Image-backed grounding data:
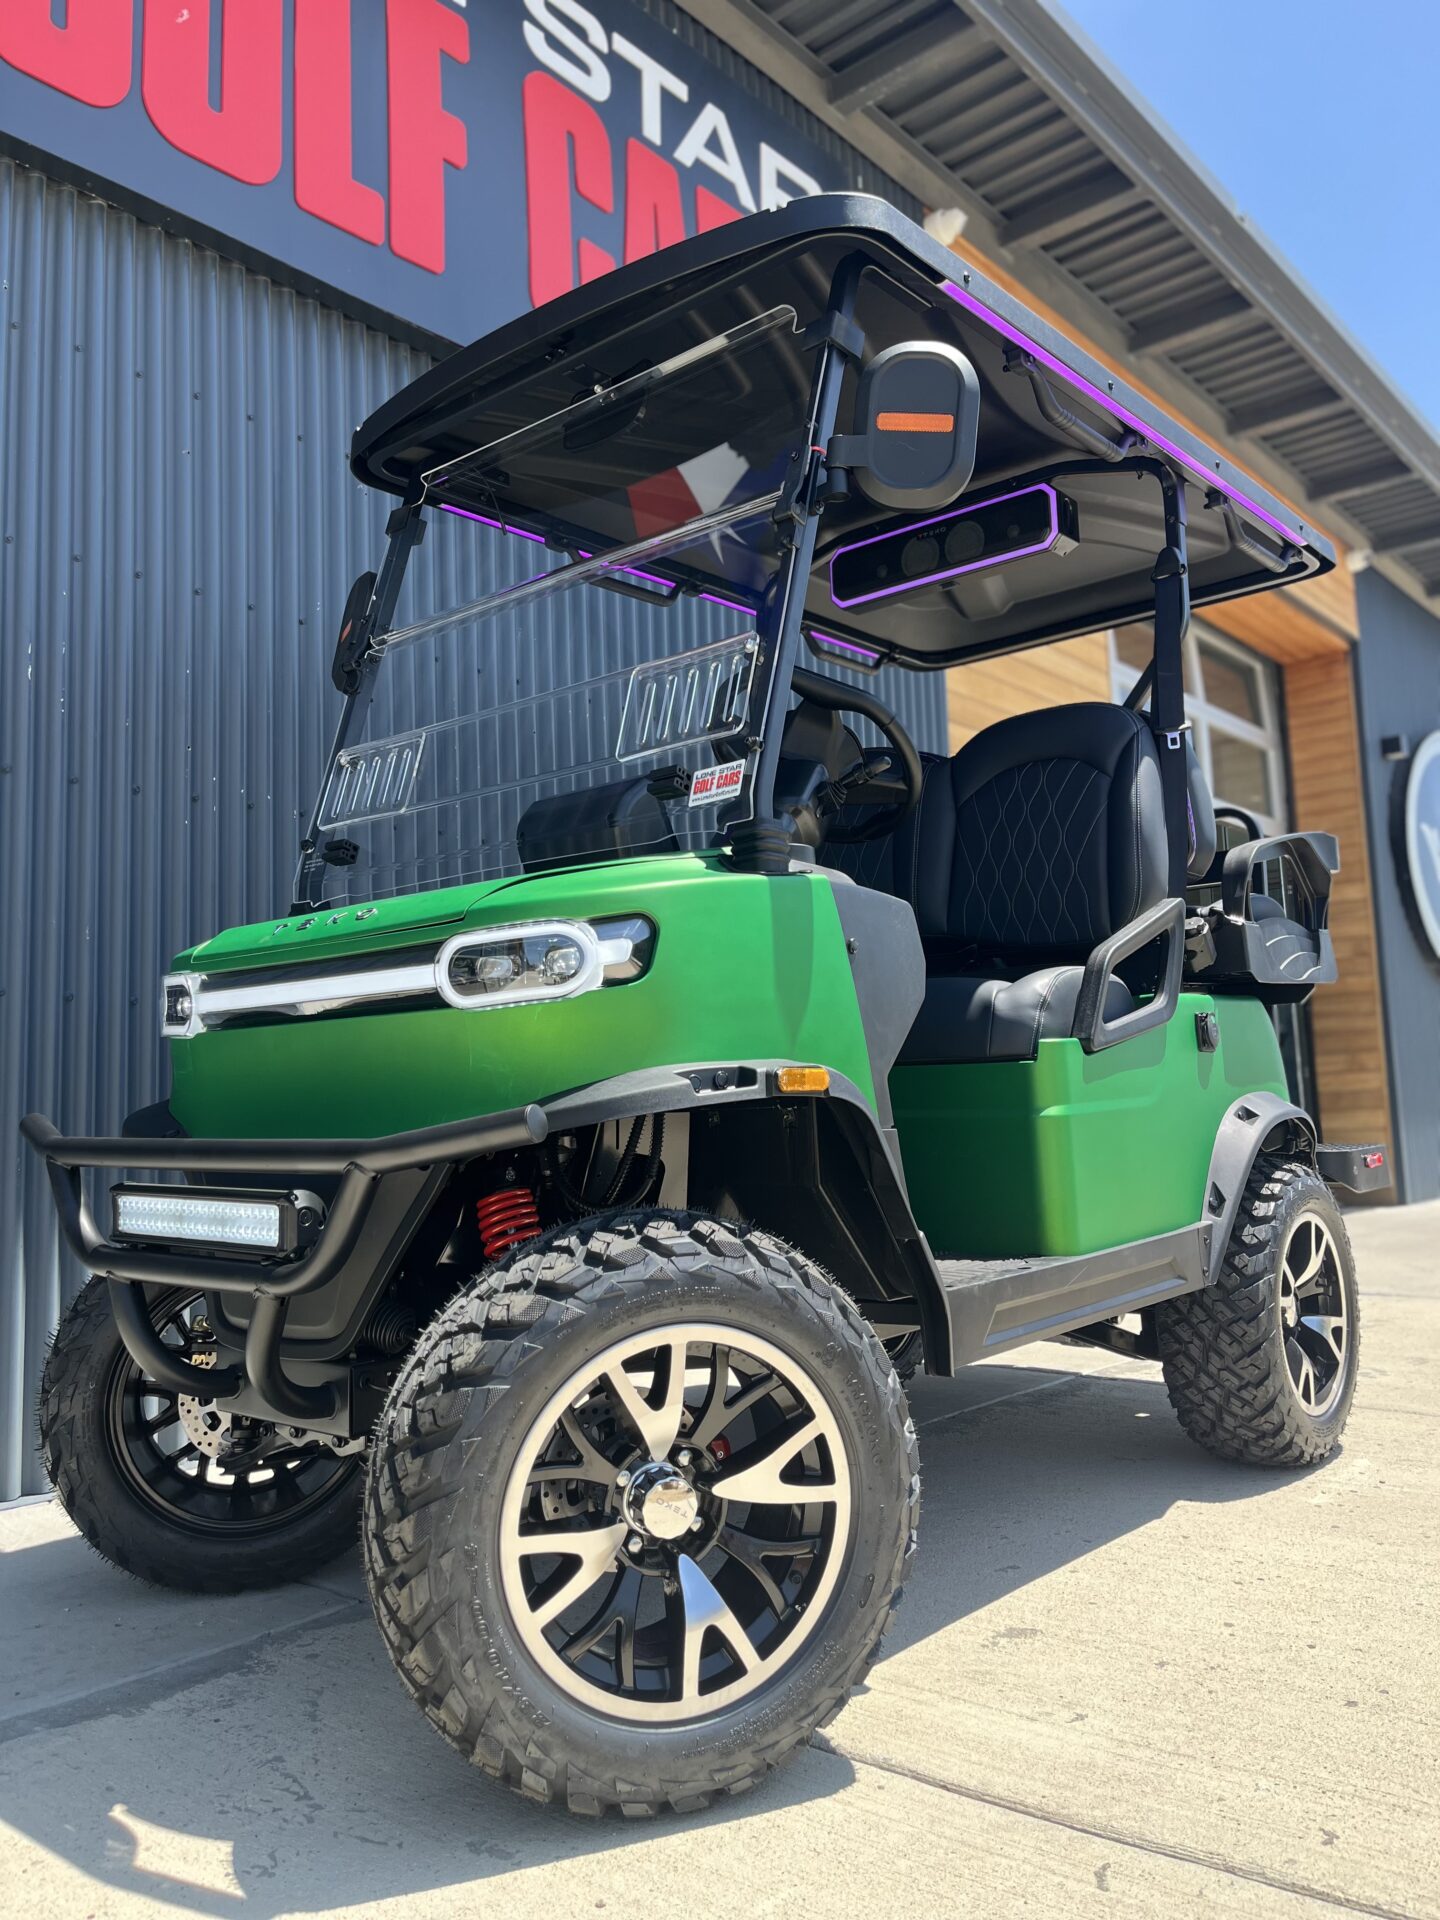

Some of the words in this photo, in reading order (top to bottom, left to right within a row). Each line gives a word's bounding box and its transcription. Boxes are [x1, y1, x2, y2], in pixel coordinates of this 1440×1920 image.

[693, 776, 715, 795] GOLF
[715, 769, 742, 789] CARS
[695, 770, 716, 780] LONE
[718, 763, 742, 775] STAR
[272, 907, 378, 936] TEKO
[655, 1497, 688, 1519] TEKO

▶ Your assignment:
Could you transcribe all of the data exactly and omit the pictures?

▶ Task answer:
Some of the words in this photo, in reading order (top to bottom, left to right within a row). Each line gives a word's bounding box and its transcription. Boxes are [x1, y1, x2, y2], in pixel coordinates of this 1440×1920 image.

[693, 776, 715, 795] GOLF
[715, 769, 742, 789] CARS
[695, 770, 716, 780] LONE
[718, 763, 742, 775] STAR
[272, 907, 378, 936] TEKO
[655, 1497, 688, 1519] TEKO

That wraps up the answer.